La crime fiction precede di qualche decennio la nascita della psicologia sperimentale del pensiero. Alcuni giallisti, come Marco Malvaldi, hanno utilizzato le scoperte degli studiosi del ragionamento (Domenicale del 7 gennaio 2018). Gianrico Carofiglio, in Una mutevole verità(2014), descrive i pericoli della focalizzazione, studiata a lungo dagli psicologi: «… bello quando un’indagine sembra indicare una direzione previlegiata. Ma c’è il rischio di tralasciare altri dettagli … e lì c’era qualcosa fuori posto, un’incoerenza, un elemento dissonante …»”.
La spiegazione degli enigmi scientifici e polizieschi si serve delle scienze cognitive, ma anche queste ultime possono trarre vantaggio dallo studio degli enigmi. Gli esperimenti di Maya Bar-Hillel, professore emerito dell’università di Gerusalemme, Tom Noah e Shane Frederick del dipartimento di management di Yale, mostrano come le difficoltà nel risolvere gli enigmi (riddles in inglese) siano fondamentali per scoprire l’architettura della mente.
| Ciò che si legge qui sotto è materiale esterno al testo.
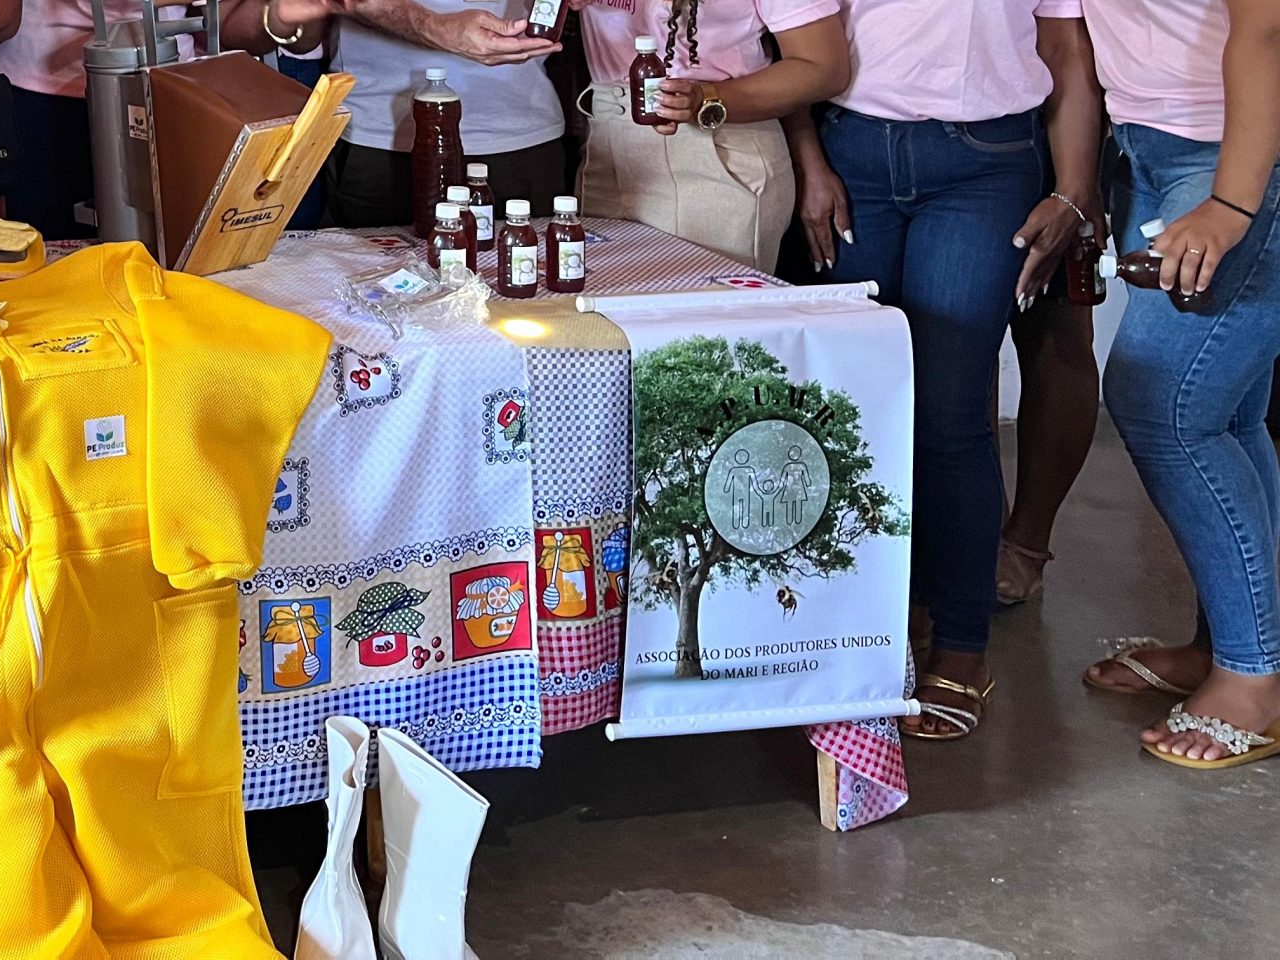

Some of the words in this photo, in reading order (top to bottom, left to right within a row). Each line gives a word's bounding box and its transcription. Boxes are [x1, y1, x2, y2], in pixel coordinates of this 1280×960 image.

Un tema che è stato toccato più volte da Noam Chomsky e da Bar-Hillel, che ha presentato il suo recente lavoro nel corso del convegno annuale di psicologia del pensiero a Londra il 25 luglio.
Il 31 maggio a Roma, Eldar Shafir, dell’università di Princeton, è stato invitato dall’Ordine Nazionale degli Psicologi a una conferenza dedicata alle future professionalità. Shafir ha raccontato il suo lavoro come responsabile del gruppo istituito dal Presidente Obama per migliorare le condizioni di vita delle persone economicamente disagiate. Si è servito di una serie d’illusioni sorprendenti, dalla percezione al pensiero, mostrando quanto siamo inclini a ricadere sempre negli stessi errori.